Variation of gravity along latitude

[wilsonlye]

Factor contributes to variation of gravity along latitude is:
1. shape of the earth
2. rotation of the earth

gravitational field strength is resolved into two components, (R cos$$\theta$$)$$\omega$$ square, and g'
at the poles,$$\theta$$ =90 degree, therefore, g' = g which is 9.81
at the equator $$\theta$$=0, therefore, g' = g- R omega square

what I couldn't understand is that why the components of g are not perpendicular to each other.
can we resolve a force into components which are not perpendicular to each other ?

 

[D H]

The components of g are not perpendicular because they come from two distinct sources.
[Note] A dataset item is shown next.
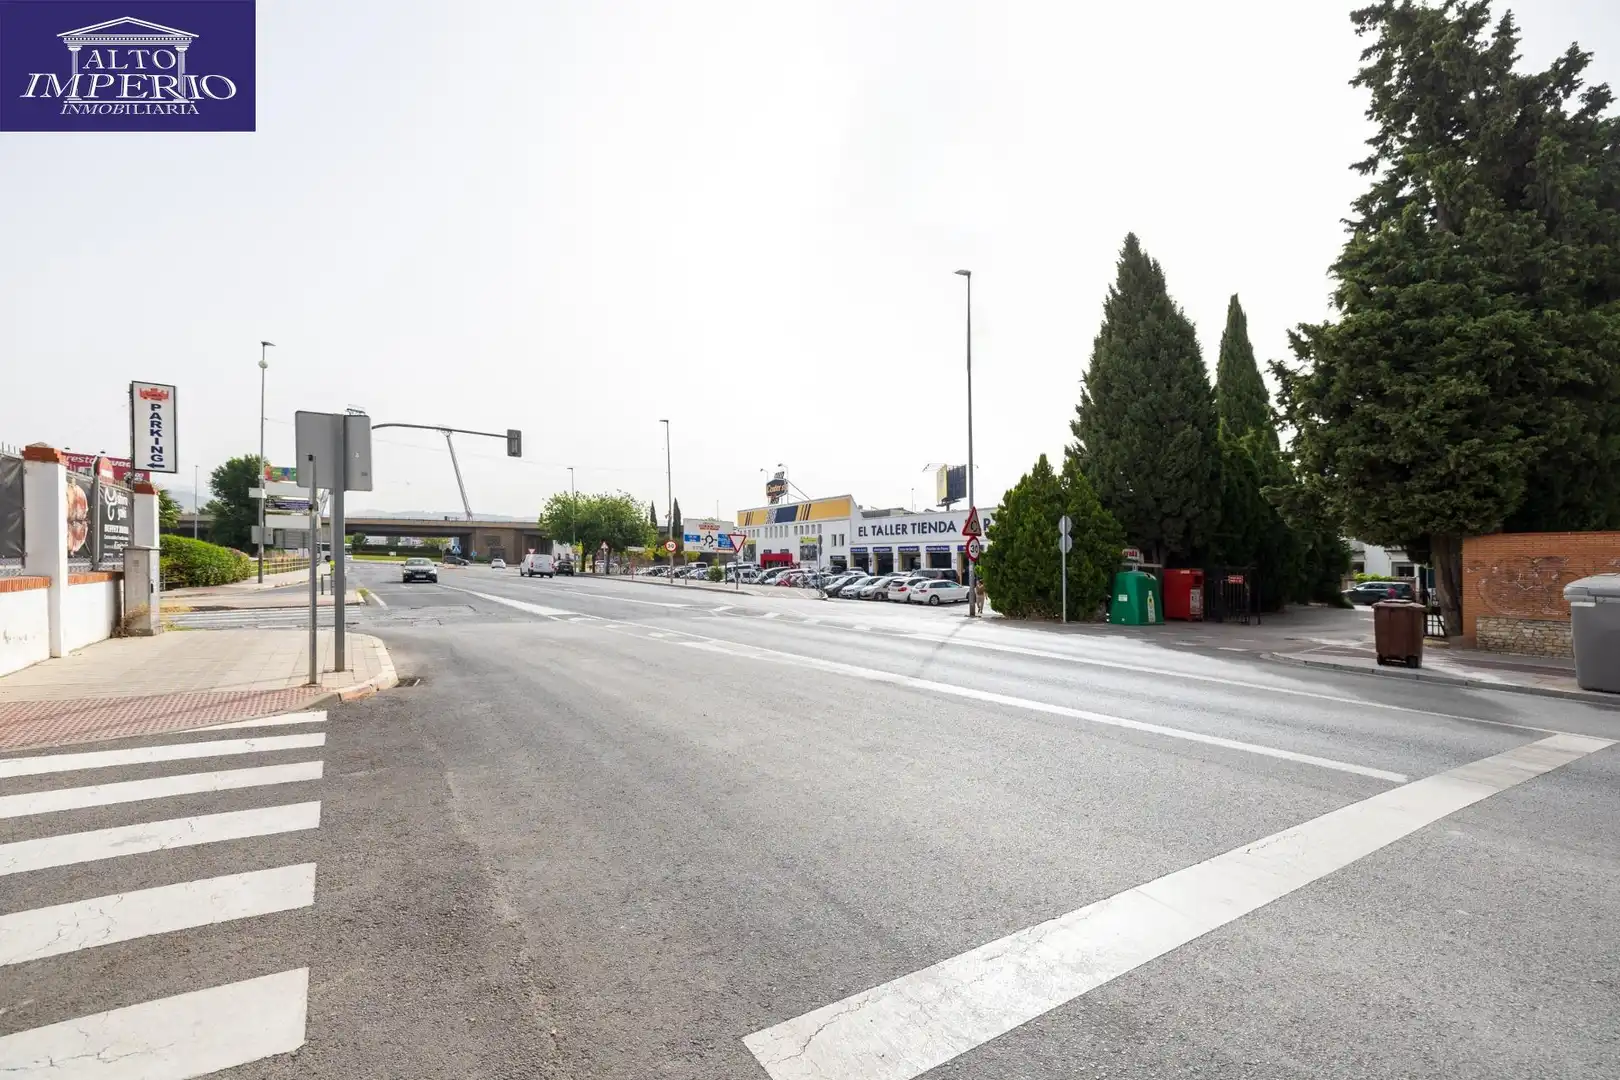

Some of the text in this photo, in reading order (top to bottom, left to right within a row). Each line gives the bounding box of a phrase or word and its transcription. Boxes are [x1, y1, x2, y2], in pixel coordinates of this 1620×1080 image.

Think of it this way: Consider a mass at rest on an inclined frictionless plane. A cable connects the mass to the top of a fixed pole which rises above the top of the plane. The forces on the mass include gravity (down), the normal force (normal to the plane), and tension (toward the top of the pole). None of these forces are perpendicular to one another.

 

[wilsonlye]

then what are the two distinct sources?
one of them is R cos($$\theta$$)$$\omega$$square

the other source?

 

[D H]

$R\omega^2\cos\theta$ is not a source. It is a mathematical expression. What is the source of that term?

The other source is of course gravity itself. Where does it point?

 

[wilsonlye]

g points towards the centre of the earth

 

[wilsonlye]

that term is centripetal force

 

[Creator]

what I couldn't understand is that why the components of g are not perpendicular to each other.
?

These are the directions of the two forces...
The force of gravity acts from the center of mass of earth and so intersects normal to the Earth surface (approximately) at any latitude, BUT...
Centrifugal force (from Earth rotation) acts perpendicular to the axis of rotation, and so it intersects at various angles at the (curved) surface depending upon latitude.

...

 

[wilsonlye]

In another word, mg and centripetal force are two different forces act on a particle and mg' is the resultant force experienced by the particle?

 

[Creator]

In another word, mg and centripetal force are two different forces act on a particle and mg' is the resultant force experienced by the particle?

Yes, basically; one arises from the gravitational mass (of earth) and the other from the rotating reference frame.



Creator

 

[Aer-ki]

Factor contributes to variation of gravity along latitude is:
1. shape of the earth
2. rotation of the earth

gravitational field strength is resolved into two components, (R cos$$\theta$$)$$\omega$$ square, and g'
at the poles,$$\theta$$ =90 degree, therefore, g' = g which is 9.81
at the equator $$\theta$$=0, therefore, g' = g- R omega square

what I couldn't understand is that why the components of g are not perpendicular to each other.
can we resolve a force into components which are not perpendicular to each other ?

A side question...I've always wondered about the high jump in track being affected by the position of the moon.

Shouldn't the total gravitational affect on an individual be slightly less when the moon is directly overhead?

 

[Charlie Costa]

"The components of g are not perpendicular because they come from two distinct sources."

I'm confused by the above statement. "g" is gravitational field strength and comes from wherever gravity comes from! Single source if you will.

Also, I understand that at the equator Fn= Fg- mw^2 R, where I am taking g as a positive value, but what about at at a latitude of $$\theta$$ not equal to zero or 90 degrees?